DESCRIPTION OF THE TASK. Line by line, give the data again exactly as it appears, but without pictures.

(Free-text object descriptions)

=======

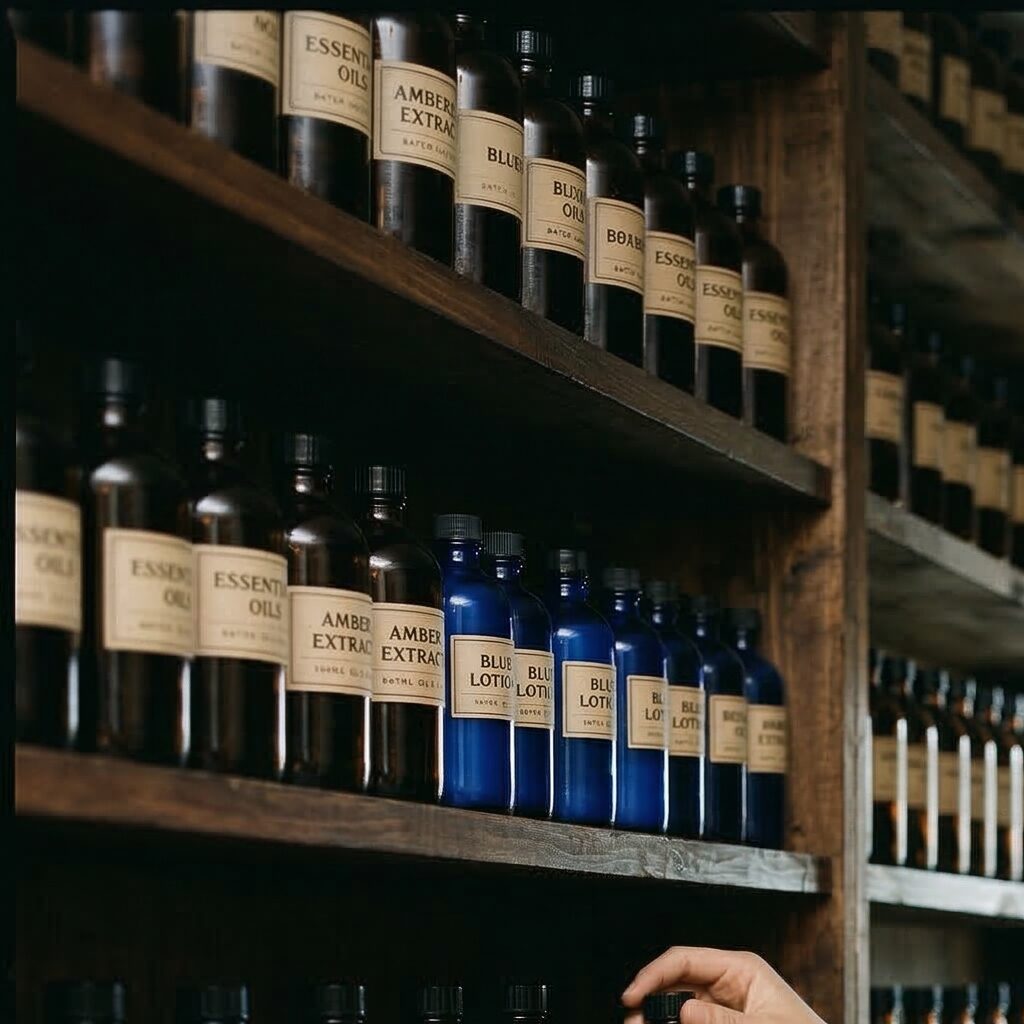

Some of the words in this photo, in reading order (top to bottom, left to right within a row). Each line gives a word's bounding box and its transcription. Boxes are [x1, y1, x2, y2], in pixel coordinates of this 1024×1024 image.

[338, 64, 369, 91] OILS
[248, 599, 283, 621] OILS
[380, 645, 444, 668] EXTRAC
[470, 672, 515, 690] LOTIO
[528, 665, 553, 683] BLU
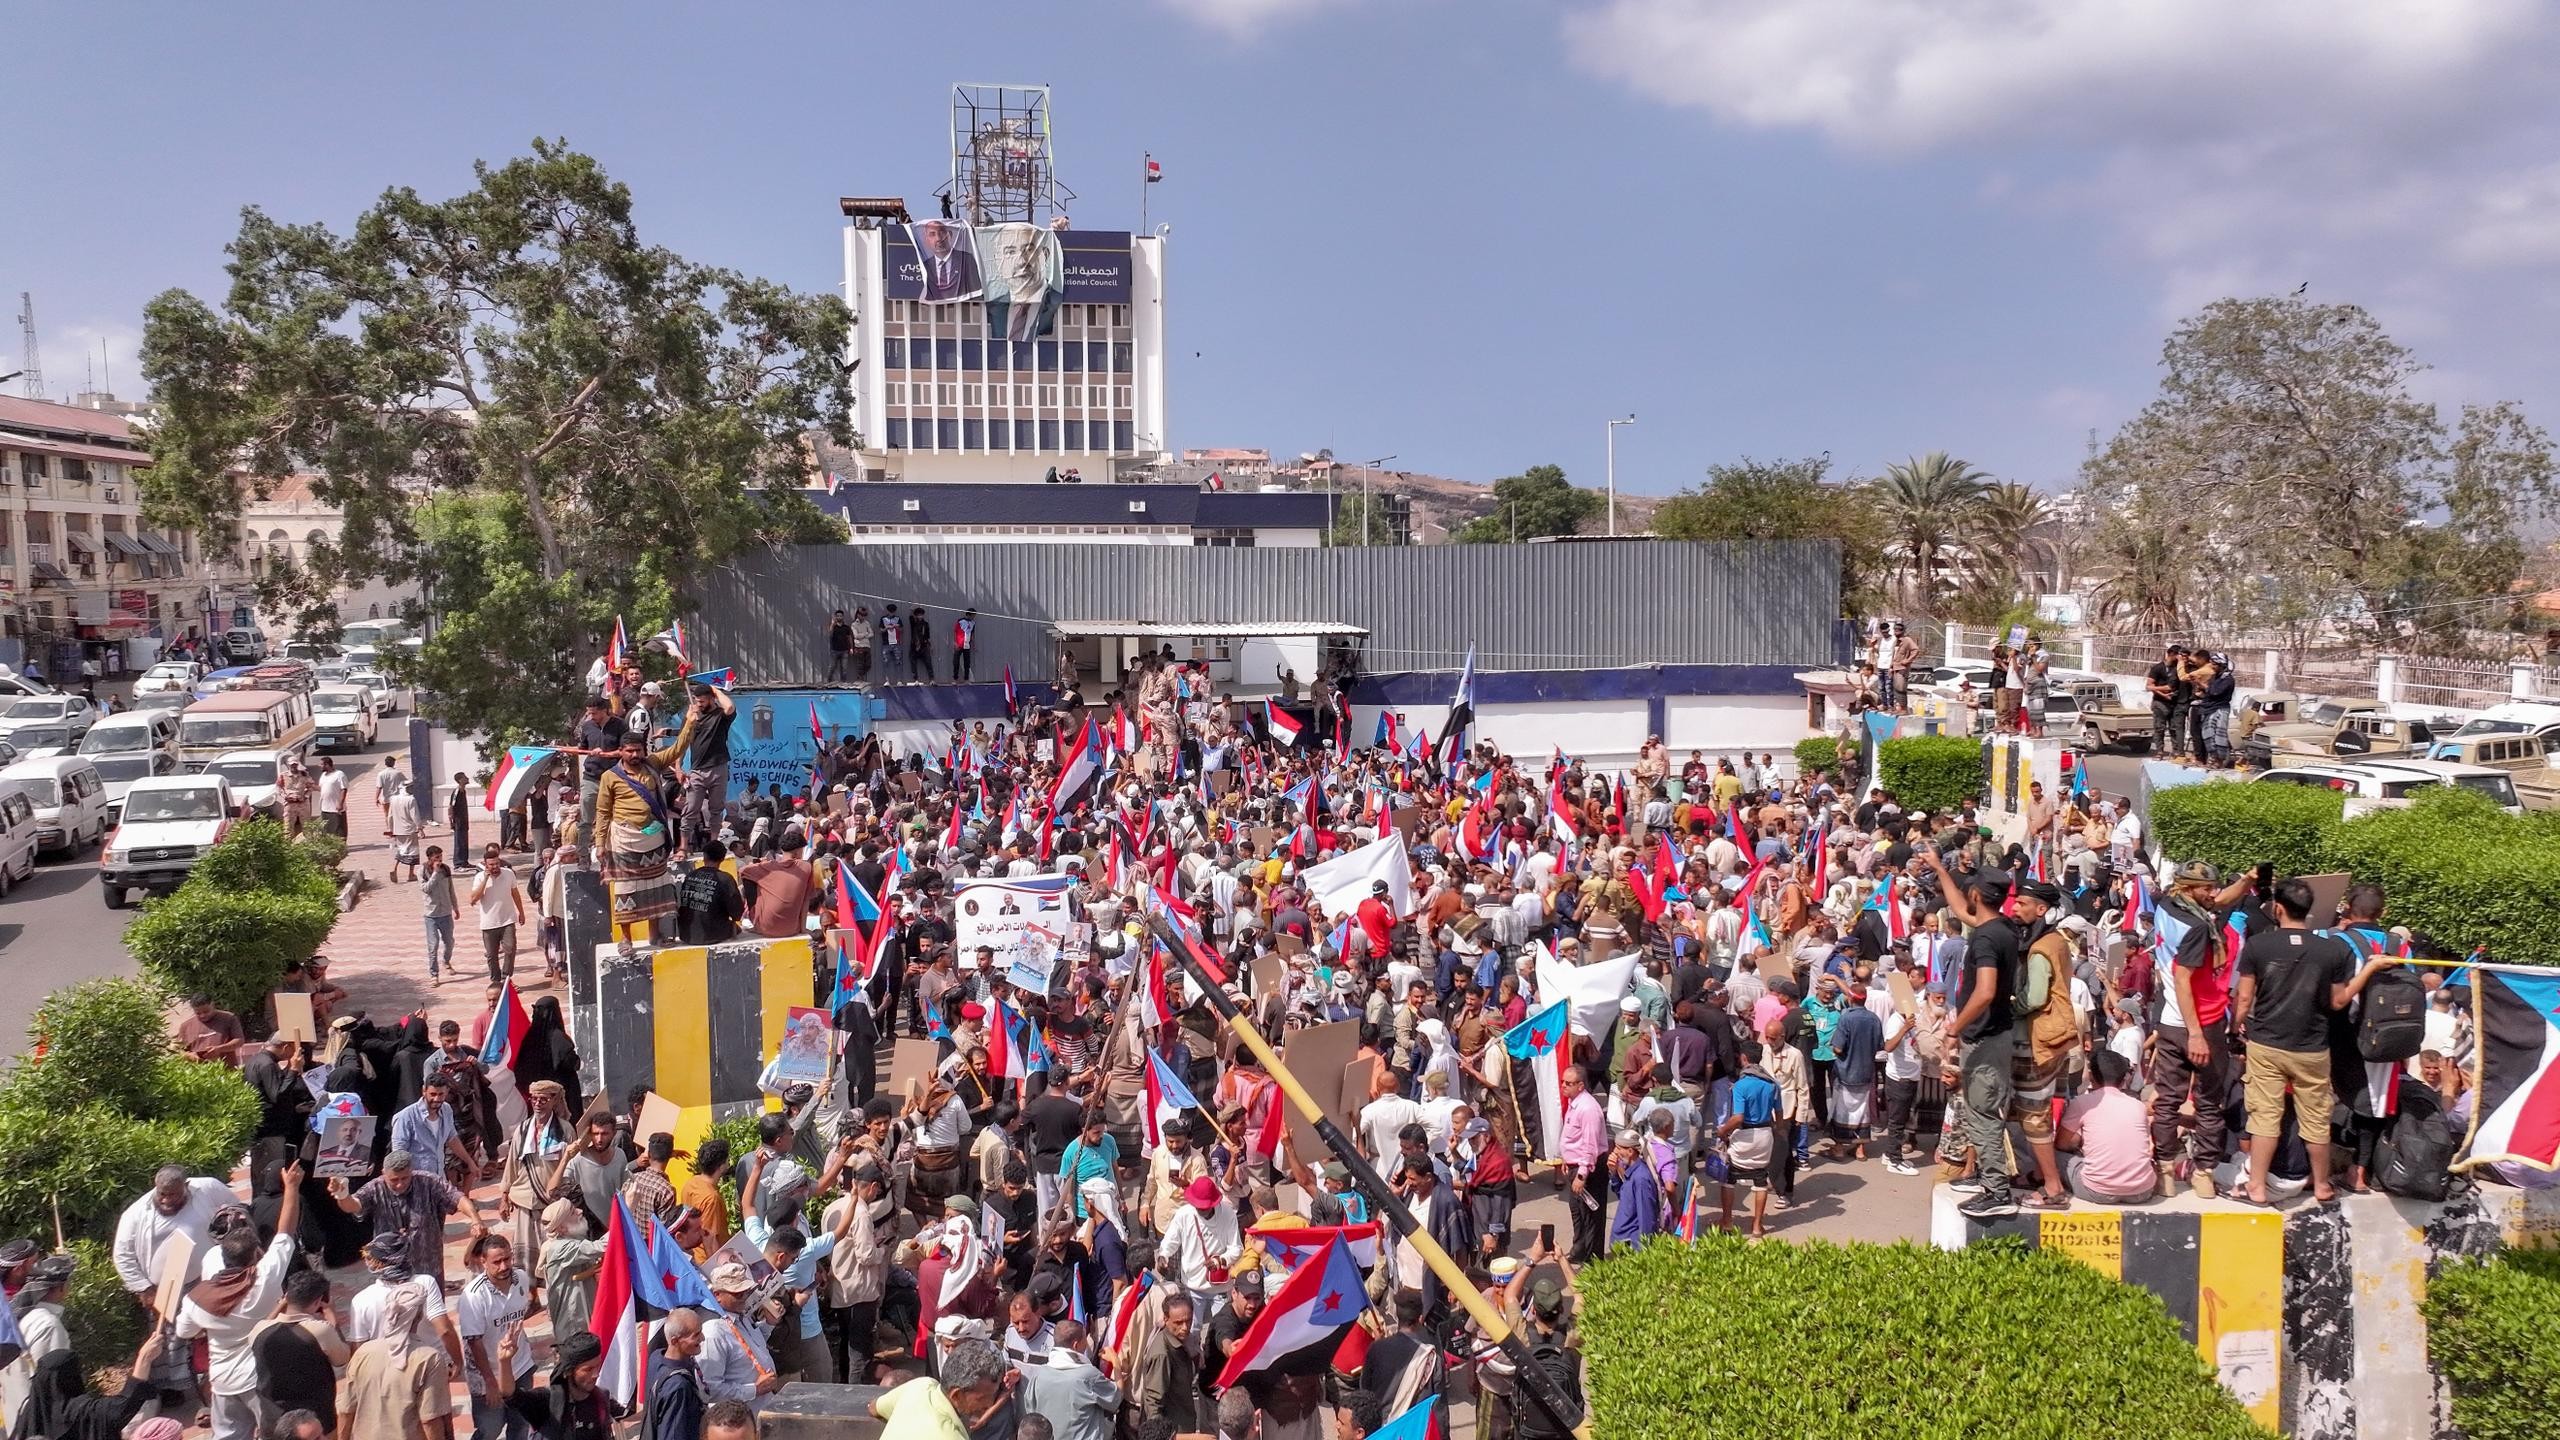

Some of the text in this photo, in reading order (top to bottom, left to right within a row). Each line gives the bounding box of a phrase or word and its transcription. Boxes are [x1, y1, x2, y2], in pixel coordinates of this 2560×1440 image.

[1079, 266, 1118, 277] الجمعية
[733, 758, 799, 771] SANDWICH
[768, 771, 800, 787] CHIPS
[976, 923, 995, 935] الواقع

=======

ANSWER FOR THE TASK.
Some of the words in this photo, in reading order (top to bottom, left to right within a row). Each line gives a word's bounding box and its transcription. Boxes are [x1, y1, x2, y2], in pixel coordinates of this 1024×1024 image.

[338, 64, 369, 91] OILS
[248, 599, 283, 621] OILS
[380, 645, 444, 668] EXTRAC
[470, 672, 515, 690] LOTIO
[528, 665, 553, 683] BLU

Some of the text in this photo, in reading order (top to bottom, left to right within a row). Each line gives the bounding box of a phrase or word and its transcription. Boxes are [x1, y1, x2, y2], in pixel coordinates of this 2560×1440 image.

[1079, 266, 1118, 277] الجمعية
[733, 758, 799, 771] SANDWICH
[768, 771, 800, 787] CHIPS
[976, 923, 995, 935] الواقع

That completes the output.